The chair was not spacious. The tweed hat bulged in the side pocket of his jacket. He yanked it out, and a piece of grubby paper came with it, fluttered to the rug. Frowning, he tossed the hat onto the coffee table, set down his drink, picked up the paper. He had to dig out the reading glasses again. He smoothed the paper on his knee. It was rumpled. The writing was childish, rain-stained.

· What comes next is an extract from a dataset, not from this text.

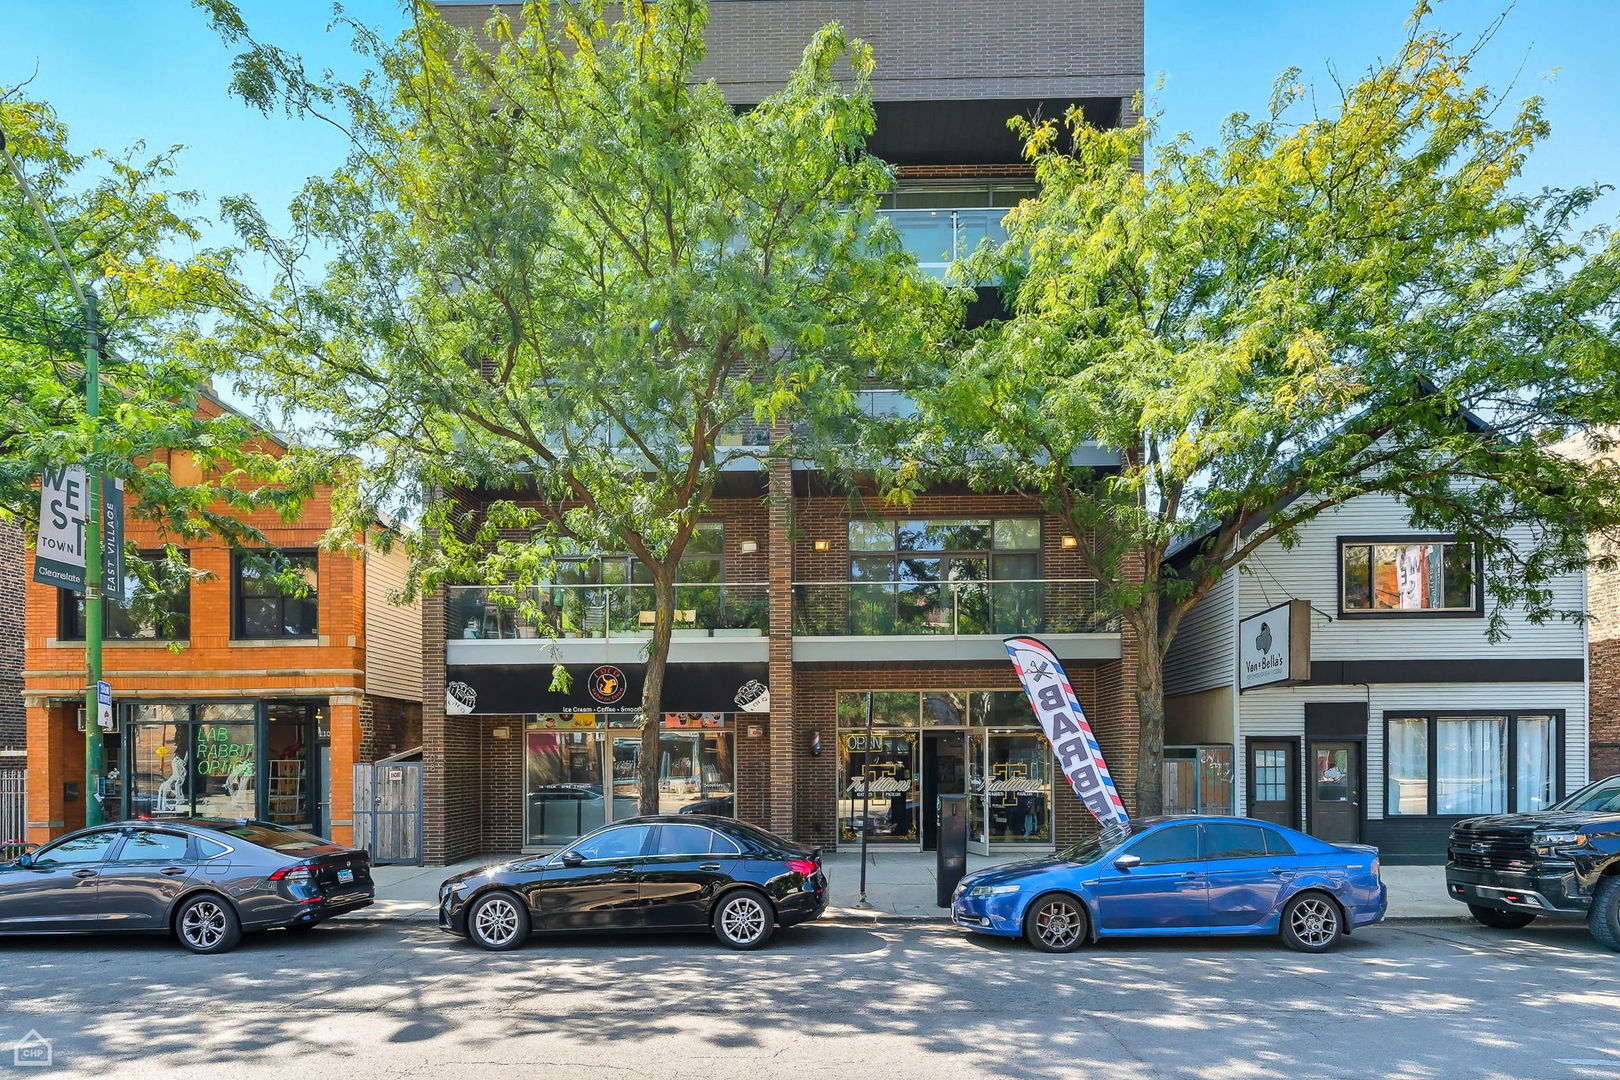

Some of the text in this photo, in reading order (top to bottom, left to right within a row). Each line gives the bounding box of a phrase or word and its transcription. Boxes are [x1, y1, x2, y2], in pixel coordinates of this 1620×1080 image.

“I cant wait no longer. You promised Friday nite and I waited in the dam rain for hours and you never come. You owe me and you no it is a rightfull dett and only a devil would treat”
—here rain had washed the words out—
“I mean it. I will tell if you make me. A hunnerd thousand aint nowheres near enuf for what I been threw but I will settel for it and it aint much to you. Not to sackerfice your hole future for is it? It dont mean

Dave turned the page over. Nothing. The rest of the message was on another crumpled sheet someplace in those tossed files in Drew Dodge’s dusty, deserted den. Maybe two sheets, or three—words flowed from the writer, pumped by anger, resentment, self-pity. He’d have to make do with one page. And the images in his mind of that angular figure, tense with fury, striking at him in the darkness and the rain, and the same ragged figure, this time with a gun, running away from Samuels between those sunset-bloodied apartment buildings, long hair flying.

He drank slowly, smoked the cigarette down. There was more—Catherine Dodge’s memory of the tall, skinny kid talking to her husband out by his swimming pool late on the afternoon of the day Dodge had shown his handsome, wasted face to the world on television. The kid had started toward the woman, the man had stopped him, roughly, sent him away. What had the kid wanted to say to the woman?
This bastard,
Tom Owens had said,
wanted big bucks.
For what?

He read the note again, grunted, tossed it onto the table, put away his glasses. He went to the cabinet, bent for another bottle, emptied it into the empty glass, dropped into the chair, and lit another cigarette. He sat scowling. Who was the kid? Where did he dome from? The same questions applied to Drew Dodge, didn’t they? And maybe the answers for one would fit the other. Only Dodge would never give them now. And where was the kid? How could someone so young come from the far past? Dodge’s past. What was it? A bad start left behind somewhere, a new life begun far away. Here. Dodge’s words to Owens had been
I wasn’t even the same person then.
Maybe not. But whoever he was, he’d owned the same face. And that had worried him. No snapshots in an album on the coffee table. No photos with any of those newspaper clippings about him and his shopping mall. Then he’d gone on television, and the past had jumped to catch him up.